Torture-endorser passed over in 2009 will NOW become CIA Director.


Yes, that’s right, Obama couldn’t get away with Bush-era thug John Brennan four years ago, but now that we’ve got used to him throwing his base under the bus before breakfast, he doesn’t even have to explain himself.

Brennan is everything we thought made George Bush/Dick Cheney loathsome, but endorsing torture and illegal spying and making up things about drone warfare and assassination programs doesn’t bother Barack Obama. That’s because—face reality, gang—Barack Obama endorses these things, too.

Here’s the direct outcome of the short-sighted posture by many friends who all last year said, ‘Yes, but. . . .’ And followed with all the reasons objections to Obama were moot because the other team was SO MUCH WORSE.

It became quite annoying in those online fora and Facebook threads when one tried to inject criticism of the Great Guy from Illinois into the discussion. The answer was usually an indignant and self-righteous accusation that any suggestion of refusing to back the big O was nothing more nor less than paving the way for the Baddies. This was not only NOT DONE but also NOT DISCUSSED AMONG REASONABLE PEOPLE.

I cant count the number of patronizing comments along that line I received for reminding the Demo-acolytes that their guy had feet of clay.

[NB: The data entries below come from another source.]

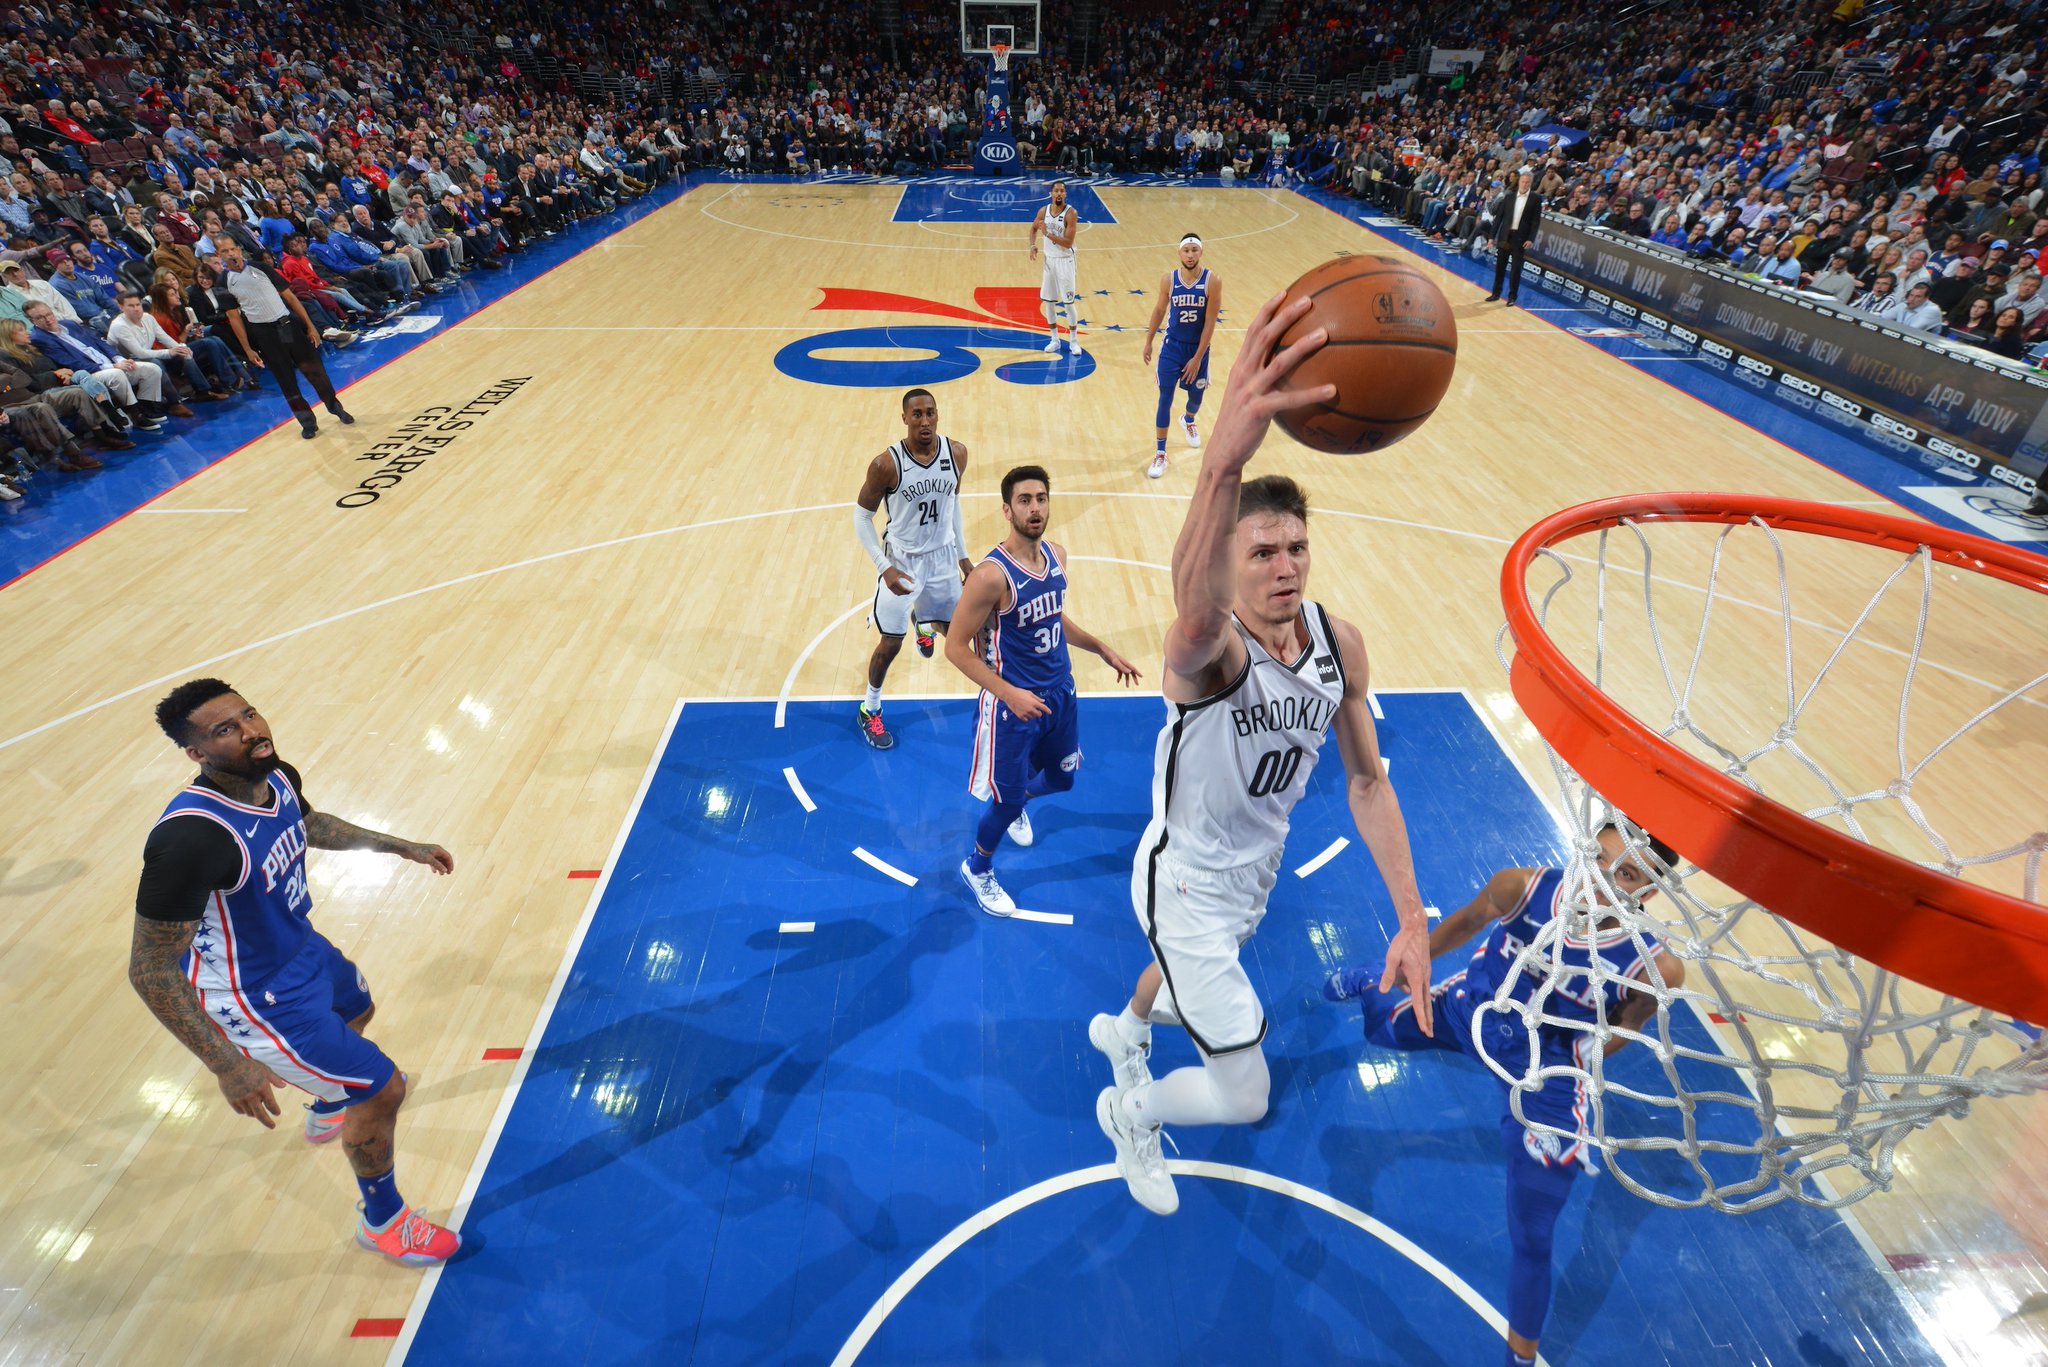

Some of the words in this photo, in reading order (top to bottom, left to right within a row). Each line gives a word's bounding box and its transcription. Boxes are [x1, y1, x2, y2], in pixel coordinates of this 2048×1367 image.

[986, 146, 1010, 158] KIA
[1593, 251, 1629, 286] YOUR
[1179, 310, 1198, 324] 25
[1523, 260, 1541, 275] GEICO
[1544, 270, 1565, 285] GEICO
[1565, 278, 1584, 294] GEICO
[1588, 289, 1611, 306] GEICO
[1612, 299, 1637, 317] GEICO
[1640, 311, 1668, 331] GEICO
[1670, 324, 1698, 344] GEICO
[1701, 339, 1733, 360] GEICO
[1737, 354, 1774, 377] GEICO
[1780, 372, 1821, 397] GEICO
[1821, 390, 1862, 417] GEICO
[1870, 412, 1918, 441] GEICO
[1926, 437, 1982, 468] GEICO
[1990, 464, 2037, 494] GEIC
[1715, 303, 1779, 341] DOWNLOAD
[1781, 327, 1807, 352] THE
[1808, 338, 1843, 366] NEW
[1846, 352, 1924, 397] MYTEAMS
[1924, 383, 1966, 412] APP
[1966, 398, 2019, 434] NOW
[1948, 351, 1970, 364] GEICO
[1973, 359, 1996, 372] GEICO
[1999, 368, 2023, 381] GEICO
[436, 375, 533, 432] WELLS
[354, 406, 452, 461] CENTER
[336, 434, 457, 509] FARGO
[901, 478, 953, 503] BROOKLYN
[918, 499, 939, 527] 24
[1034, 621, 1061, 654] 30
[1248, 745, 1303, 798] 00

Well, now we have the result: things that were not important to Obama’s backers during the campaign are not important to HIM now. How about that?

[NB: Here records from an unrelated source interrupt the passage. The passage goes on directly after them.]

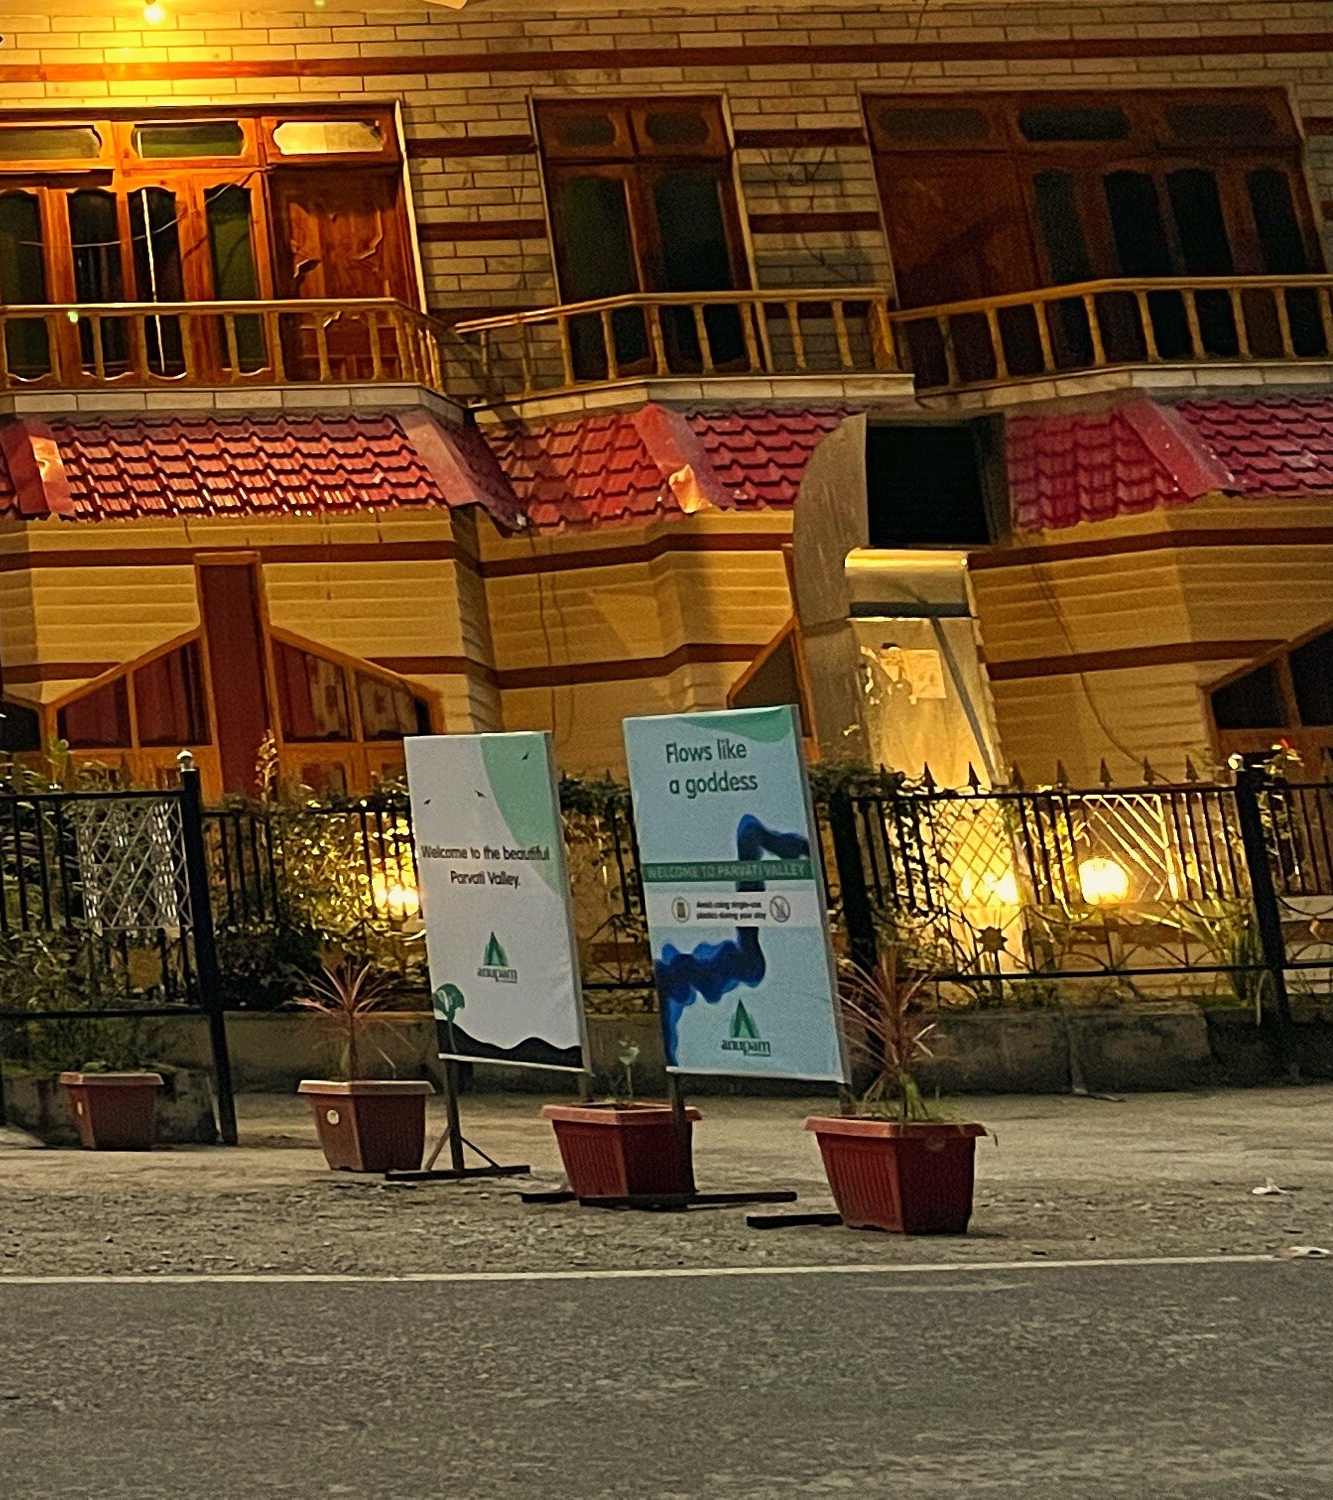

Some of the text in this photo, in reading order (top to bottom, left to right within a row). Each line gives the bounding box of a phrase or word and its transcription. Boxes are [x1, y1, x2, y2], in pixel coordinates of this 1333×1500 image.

[666, 738, 747, 763] Flows like
[669, 770, 758, 799] a goddess
[421, 845, 550, 860] Welcome to the beautiful
[450, 870, 485, 885] Parvati
[646, 863, 805, 878] WELCOME TO PARVATI VALLEY
[721, 1039, 771, 1056] anupam

Curiously, those groups who warned Obama’s campaign early on that they would not be pitching in to help his re-election unless they actually got something from him—Hispanics and gays—reaped substantial rewards. There was, in quick succession, the end to Don’t Ask, the miraculous ‘evolution’ on same-sex marriage, and the Dream Act.

But liberals refused to contemplate telling Obama’s campaigners that they were upset about Guantánamo, drone strike assassinations, renewal of the Constitution-shredding Patriot Act, the kill list, etc., etc. They got nothing.

As a 2008-participant in the Obama campaign, I started to receive funding pitch letters and even invitations to join the canvassing teams again that assembled in New York. I sent them back with messages like, ‘Stop torturing Bradley Manning’ and ‘Get the cash from your banker friends’. Eventually, they gave up. But when I sent back a reply-all answer to the canvasser group trying to recruit me that read, ‘Sorry, I won’t be working for Mr Kill List this time’, I got a puzzled reply from one young lady: ‘What do you mean, Mr Kill List?’

Go back to sleep, darling, don’t bother your head about it.

I recall that during the highly successful popular mobilization against the Vietnam War, one thing you almost never heard was this: Oh, you mustn’t denounce Lyndon Johnson for causing all this slaughter in Asia. He’s the liberal! Just think what kinds of bad guys could come next!

I have no doubt that the crimes and abuses underway will get bad enough so that many, many people blinded by Obama’s slickness or blackness or shamelessness (or that of his successors) will see that they have been had and will start to object. Until then, we’ll continue to get a ferociously right-wing program inserted gently up our collective recta with a careful dosing of olive oil because we didn’t object when we had the chance. And now it’s too late.

1 comment:

Anonymous said...

You make a great point here. Too many good people, who consider themselves "liberal" (whatever that terms means now that it has been co-opted by those supporting the "liberalization"* of trade) express a feeling of powerlessness when it comes to affecting the national agenda. As you point out, groups not satisfied with merely wringing their hands have gotten something for their efforts. Mainstream Democrats didn't make Obama particularly uncomfortable. That has given him carte blanche to ignore the few progressives who did.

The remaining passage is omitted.